Era mal estudiante. El peor, sin duda. Tanto, que me matriculé en el curso de «Tragedia Ática I» con la idea de… no ir a clase. Un absurdo, desde luego, pero mi motivación en lo referente a lo académico era escasa. Recuerdo que, cuando llegó el momento de examinarse, me presenté en el despacho del profesor para excusarme por no haber asistido a sus clases (ante todo, decoro) y preparado para sumar un nuevo «No Presentado».

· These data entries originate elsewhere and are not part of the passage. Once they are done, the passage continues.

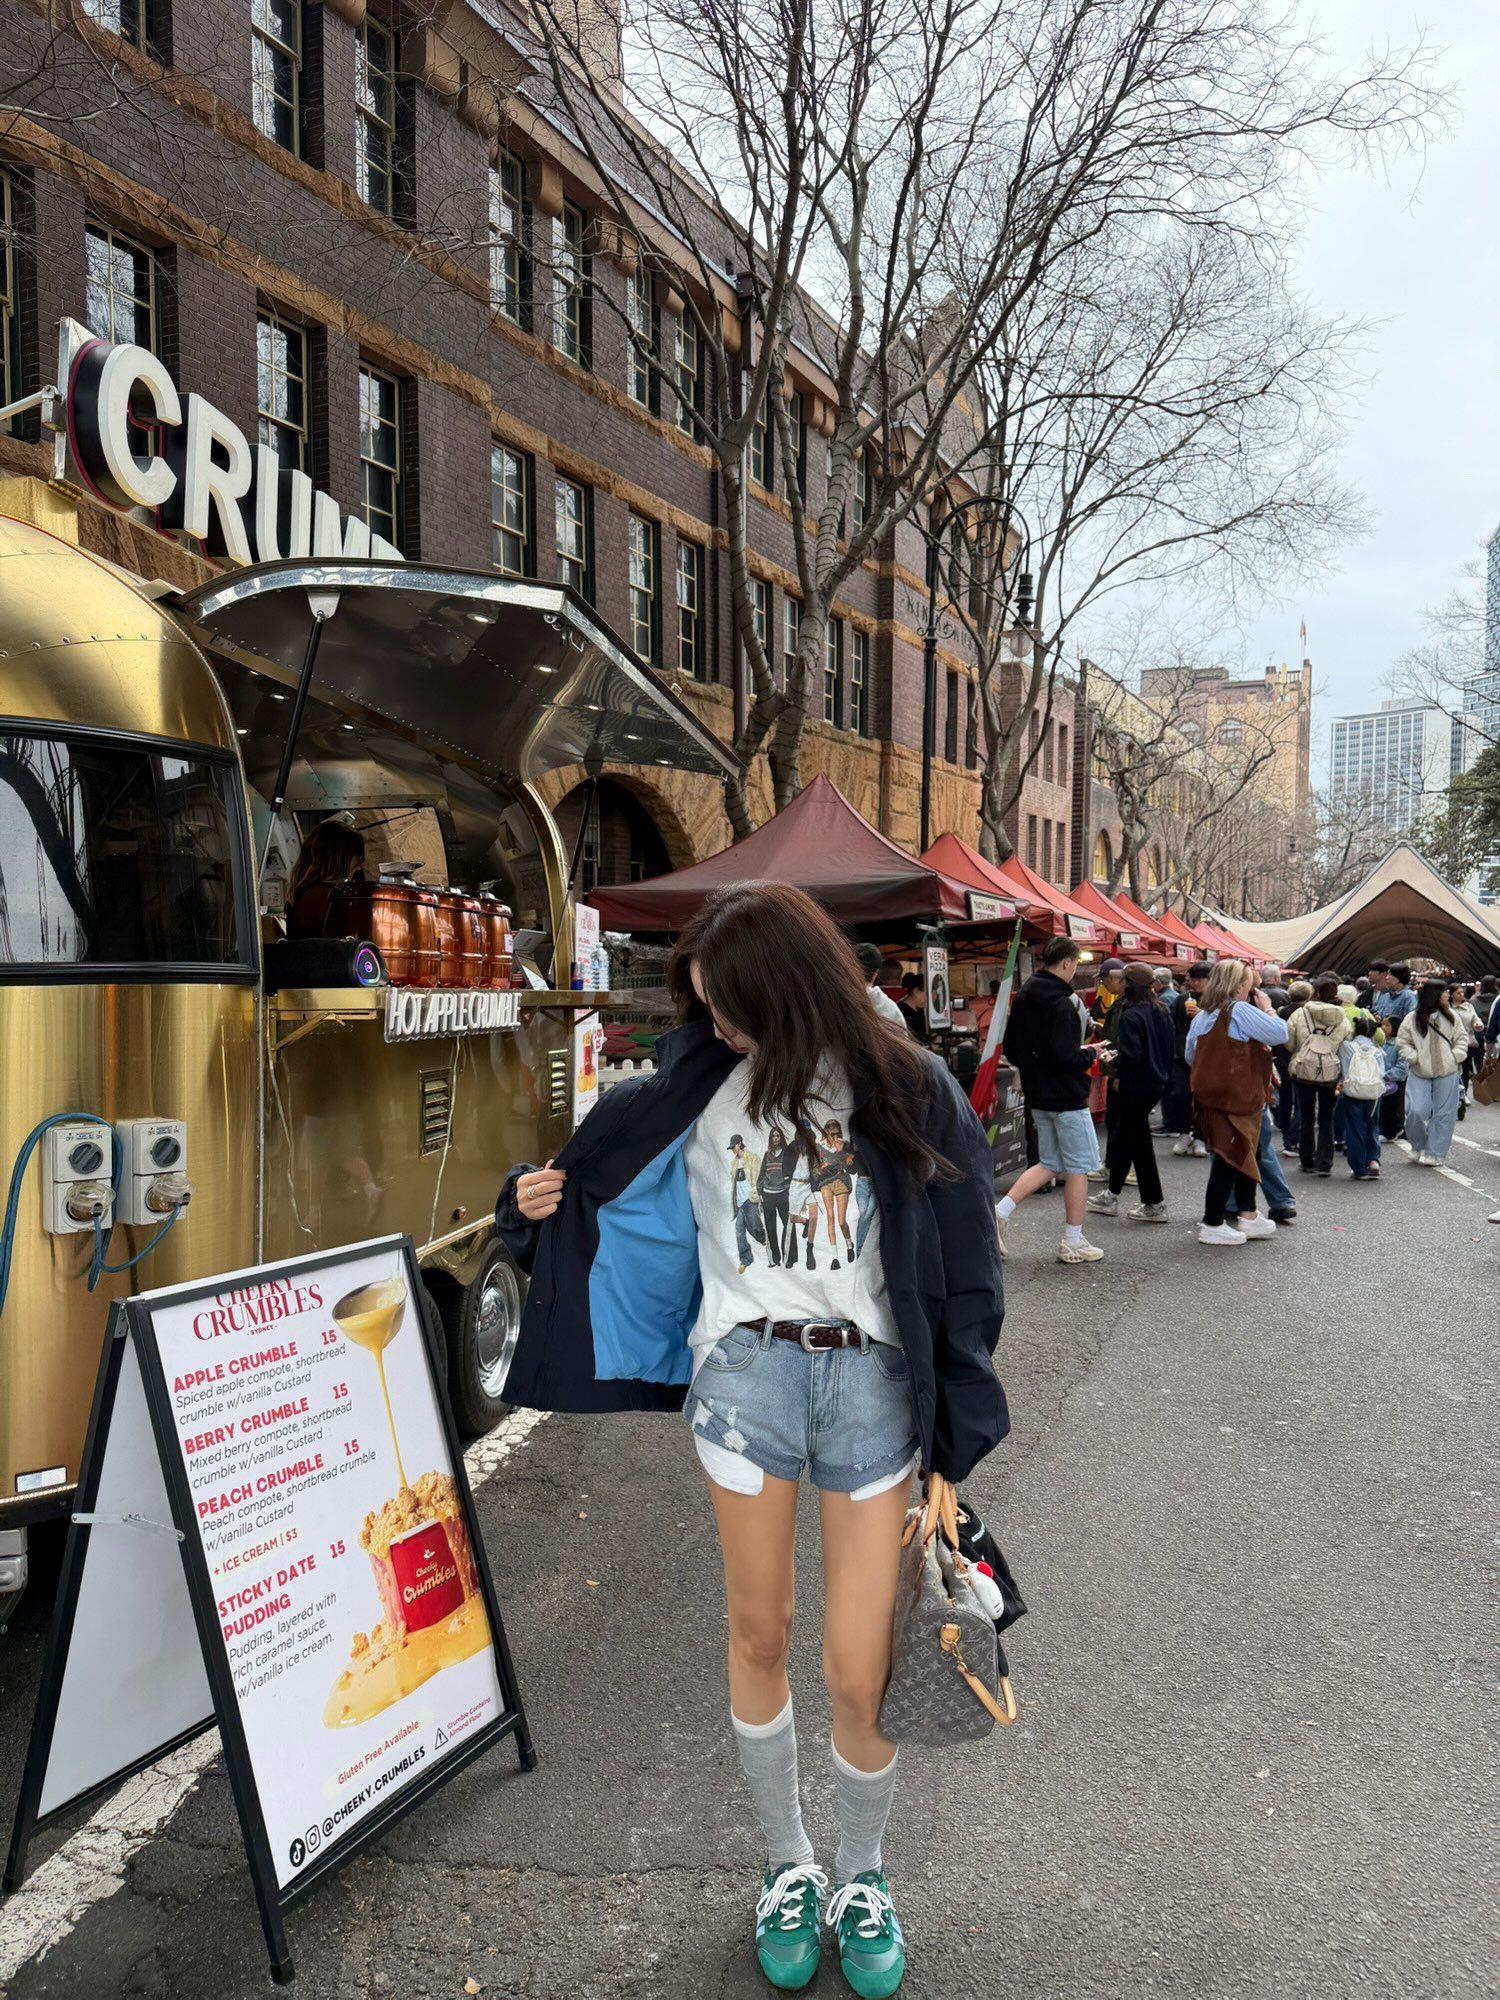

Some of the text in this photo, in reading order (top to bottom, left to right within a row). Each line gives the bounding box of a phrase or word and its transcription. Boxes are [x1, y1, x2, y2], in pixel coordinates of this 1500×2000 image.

[929, 951, 946, 961] VERA
[929, 962, 946, 972] PIZZA
[389, 988, 522, 1035] HOT APPLE CRUMBLE
[193, 1283, 324, 1341] CRUMBLES
[174, 1329, 338, 1393] APPLE CRUMBLE 15
[176, 1343, 346, 1409] Spiced apple compote, shortbread
[179, 1371, 312, 1426] crumble w/vanilla Custard
[184, 1383, 349, 1455] BERRY CRUMBLE 15
[189, 1400, 352, 1473] Mixed berry compote, shortbread
[192, 1427, 323, 1489] crumble w/vanilla Custard
[198, 1439, 360, 1518] PEACH CRUMBLE 15
[202, 1451, 376, 1534] Peach compote, shortbread crumble
[206, 1501, 294, 1551] w/vanilla Custard
[222, 1555, 241, 1573] ICE
[242, 1537, 278, 1563] CREAM
[285, 1527, 298, 1542] $3
[218, 1540, 346, 1618] STICKY DATE 15
[403, 1565, 457, 1604] Crumbles
[223, 1593, 291, 1642] PUDDING
[229, 1592, 337, 1663] Pudding, layered with
[233, 1617, 328, 1682] rich caramel sauce.
[237, 1632, 335, 1700] w/vanilla ice cream.
[447, 1697, 491, 1729] Crumble Contains
[448, 1719, 469, 1738] Almond
[337, 1720, 420, 1785] Gluten Free Available
[322, 1745, 426, 1837] @CHEEKY.CRUMBLES

Un error que cambió mi vida…

El profesor Alegre, quien se convertiría en admirado mentor y querido amigo, me invitó a estudiar en la biblioteca, a condición de que al día siguiente me examinase. Estaba dispuesto a darme una oportunidad (que no merecía y que cambió mi vida) con la tragedia ática. Ante su generosidad, ¿cómo negarme? Lo hice, muy agradecido, pero sin percatarme de un detalle fundamental: cuando dijo «tragedia» se refería a la que escogiese como tema de estudio; yo, presa de la ignorancia y de la falta de hábito de estudio, interpreté «todas las tragedias».

Aquella mañana lloré…

Lancé una moneda al aire: cara, biblioteca; cruz, bar de la universidad. Salió cara y, tomando asiento al lado de la estantería con las obras de Aristóteles (no me preguntéis el motivo, solía sentarme allí para conocer chicas y no me iba mal), abrí un tomo con las obras de Eurípides. Estaba dispuesto a hacer acopio de información y regurgitarla en el examen, sin más. Como siempre. Sin sentimiento. Y, para mi sorpresa, al acabar de leer la primera tragedia… ¡Descubrí que tenía el rostro empapado en lágrimas!

¡Medea! ¡Medea!

Lo tuve claro: ¡Medea era lo mejor que había leído nunca! ¡Y fue un no parar! Aquella mañana devoré las obras de Eurípides como si el mundo se acabase. No paré hasta el final. ¡El examen me importaba una mierda! Solo quería empaparme de ese modo de escribir, del talento euripidiano para la composición. ¡Había nacido para leer esos libros! Y, desde luego, Esquilo y Sófocles también me gustaron, mas Eurípides me fascinó. Es mi ídolo literario, lo que más amo en la vida.

El examen…

Alegre, cuando le dije que podía examinarme sobre cualquier tragedia, no se lo tomó bien. Improvisó unas preguntas para darme una lección. Ahí se forjó nuestra amistad.

El acuerdo…

Como ya no podía, técnicamente, poner más matrículas de honor, me propuso el siguiente acuerdo: «escriba usted tragedias y, por cada obra, le pondré una matrícula de honor». Compuse dos tragedias («Medea enmascarada» [publicada a modo de epílogo en la novela «Yo, Eurípides el griego. Yo, poeta»] y «Andrómaca entre los teucros») para cumplir con las asignaturas a cambio de no tener que ir a clases ni examinarme. Finalmente, como muestra de afecto y agradecimiento, compuse una «Fedra en Hades» para homenajear a mi amigo (sin acuerdos académicos de por medio).

La conferencia…

Me invitaron a ofrecer una conferencia sobre mis tragedias en el Saló de Graus de la UB (Universitat de Barcelona), mi primer y último acto académico como estudiante. Sabía que aquello no era para mí. Carecía del talento y de la perseverancia que identifican a los buenos estudiantes, pero lo disfruté mucho. Era mi canto del cisne, acompañado para la exposición por Alegre Gorri y por mi querido amigo, ya fallecido, David García Ilundáin (Gran Maestro Internacional de ajedrez, quien aderezó la conferencia con reflexiones que hicieron las delicias de los asistentes). A unos metros, en las butacas finales, mi otro mentor, García De la Mora, y mi padre. ¿Qué más podía pedir para despedirme de la universidad?